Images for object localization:
- Opening Delimiter -
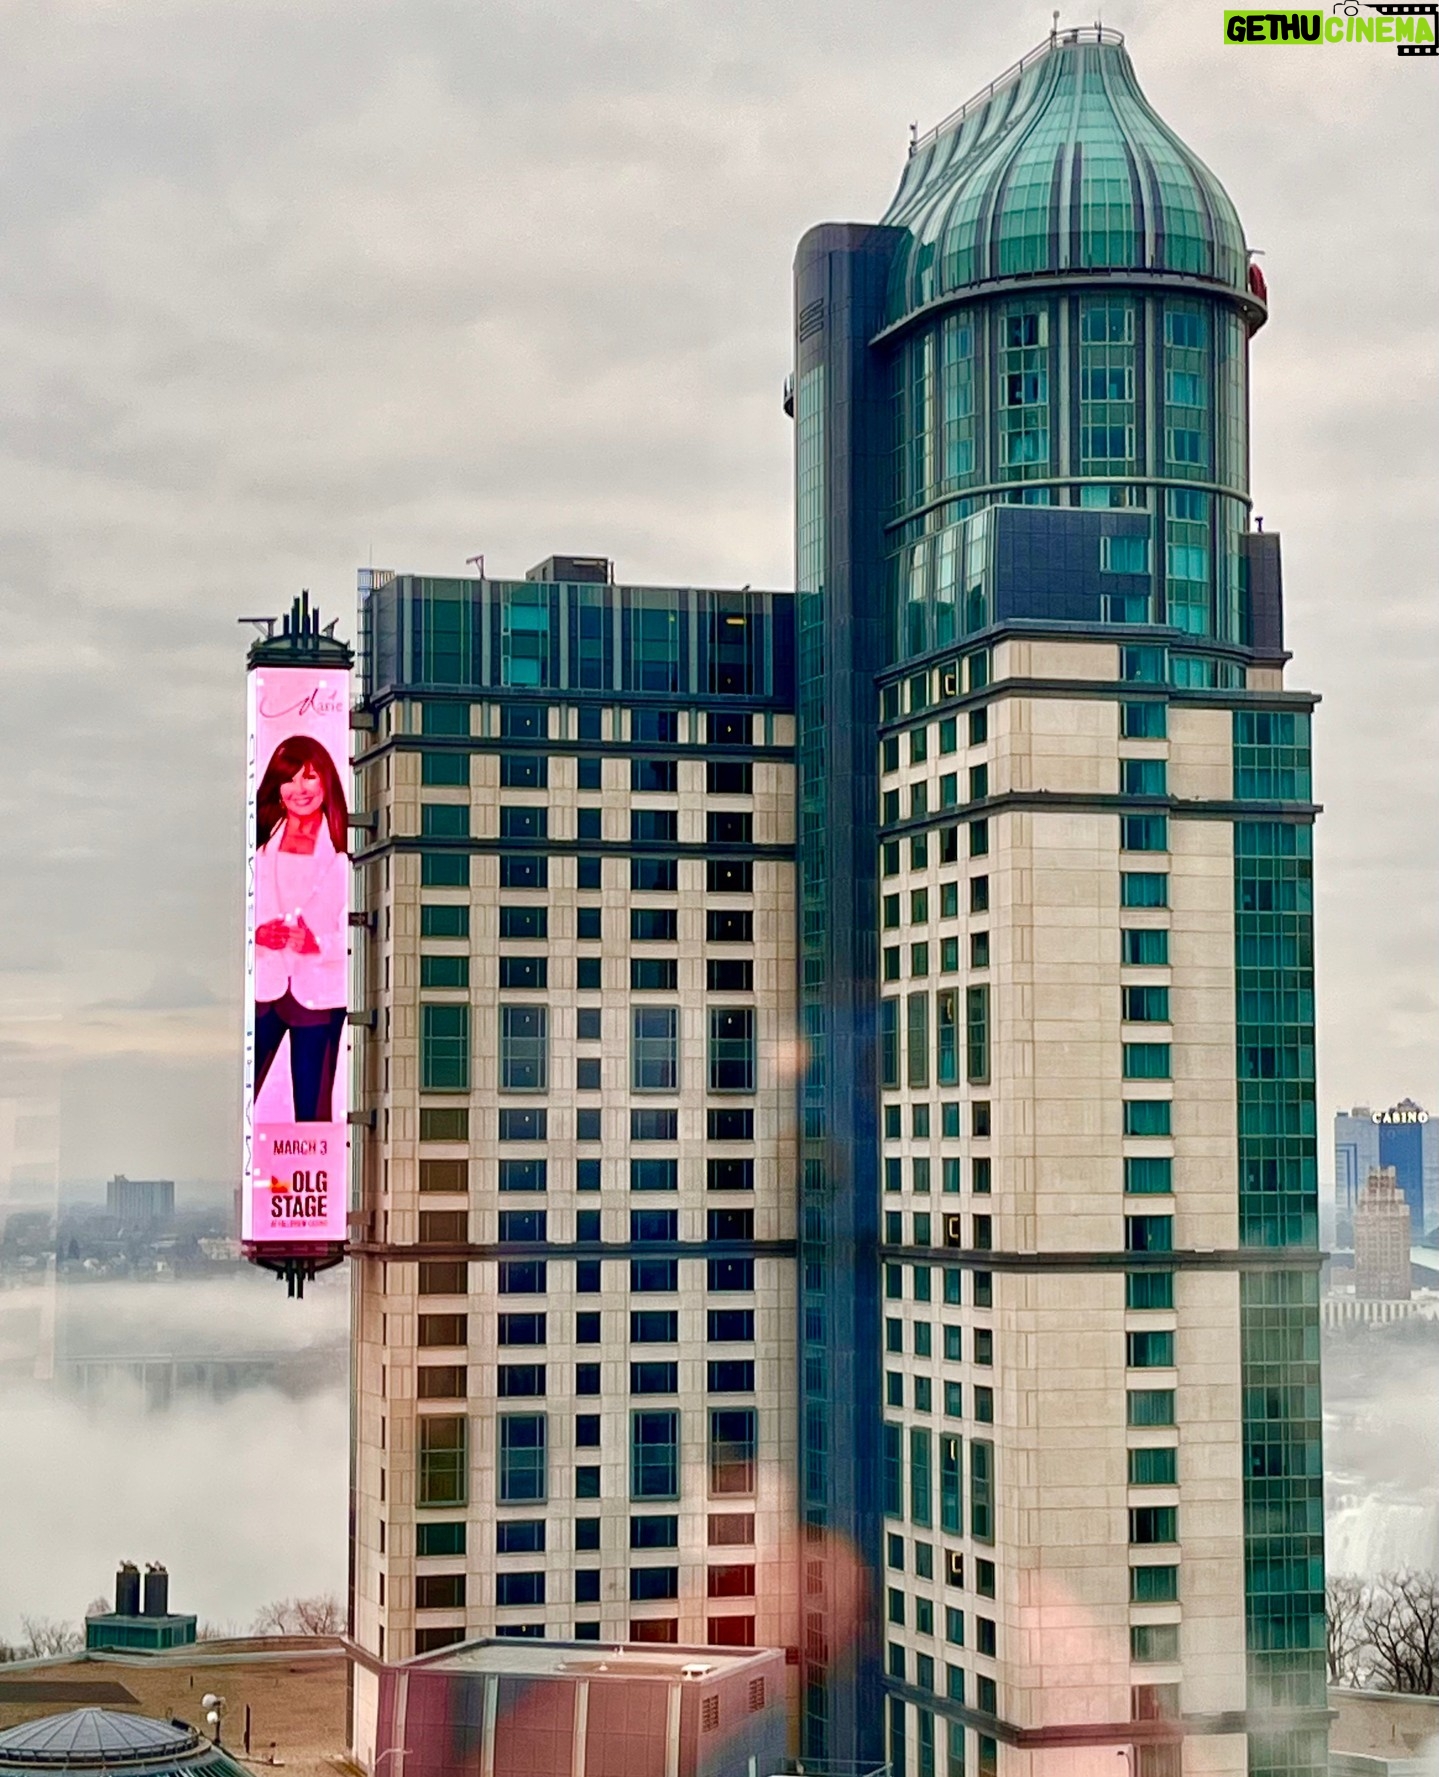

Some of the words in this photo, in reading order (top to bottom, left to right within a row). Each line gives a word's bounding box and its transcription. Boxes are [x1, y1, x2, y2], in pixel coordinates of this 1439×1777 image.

[259, 688, 343, 718] Marie
[1372, 1111, 1429, 1124] CASINO
[273, 1140, 316, 1155] MARCH
[320, 1140, 327, 1155] 3
[292, 1170, 328, 1193] OLG
[271, 1195, 328, 1218] STAGE
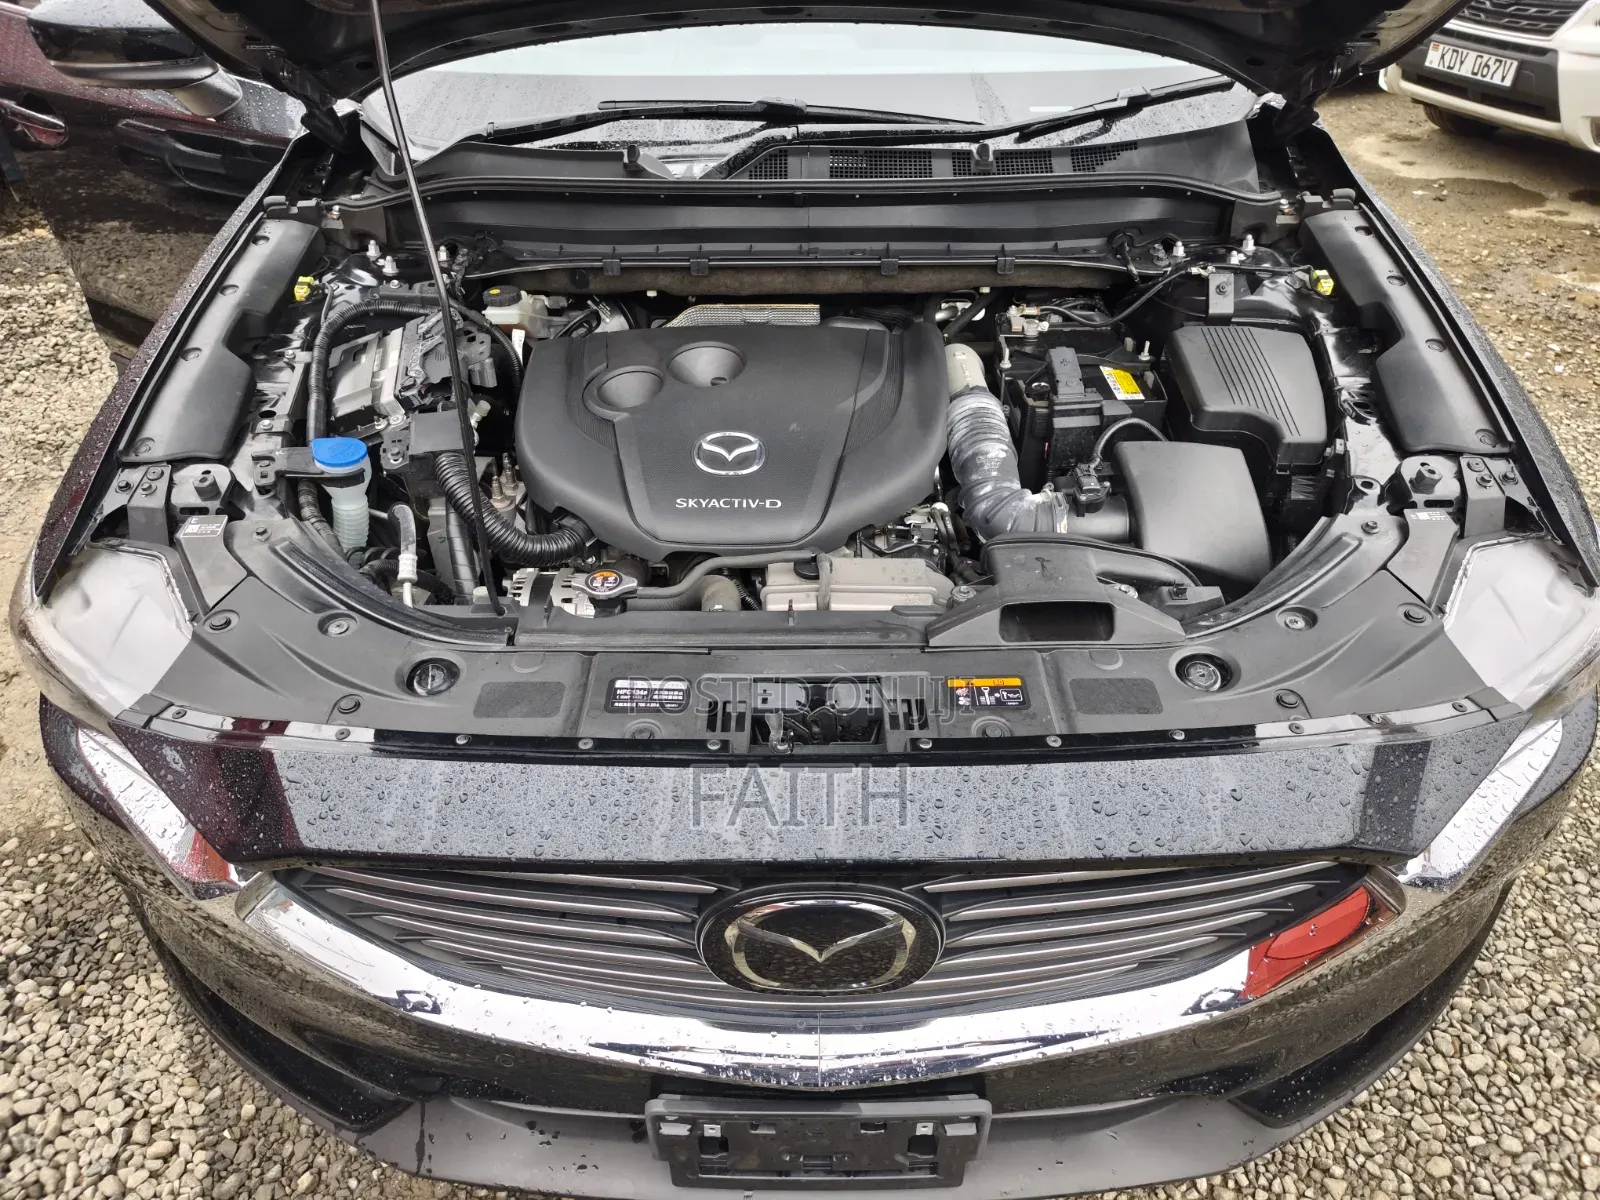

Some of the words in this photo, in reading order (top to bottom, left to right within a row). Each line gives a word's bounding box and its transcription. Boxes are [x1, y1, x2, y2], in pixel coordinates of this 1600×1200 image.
- Closing Delimiter -
YOUR OBJECTIVE:
Drop every picture, then write out the remaining entries above exactly as they appear.

TASK OUTPUT:
Some of the words in this photo, in reading order (top to bottom, left to right within a row). Each line gives a word's bounding box and its transcription. Boxes are [x1, y1, x2, y2], in pixel coordinates of this 1439×1777 image.

[259, 688, 343, 718] Marie
[1372, 1111, 1429, 1124] CASINO
[273, 1140, 316, 1155] MARCH
[320, 1140, 327, 1155] 3
[292, 1170, 328, 1193] OLG
[271, 1195, 328, 1218] STAGE

Some of the words in this photo, in reading order (top to bottom, left to right within a row). Each line gives a word's bounding box and its transcription. Boxes are [x1, y1, x2, y2], in pixel coordinates of this 1600×1200 image.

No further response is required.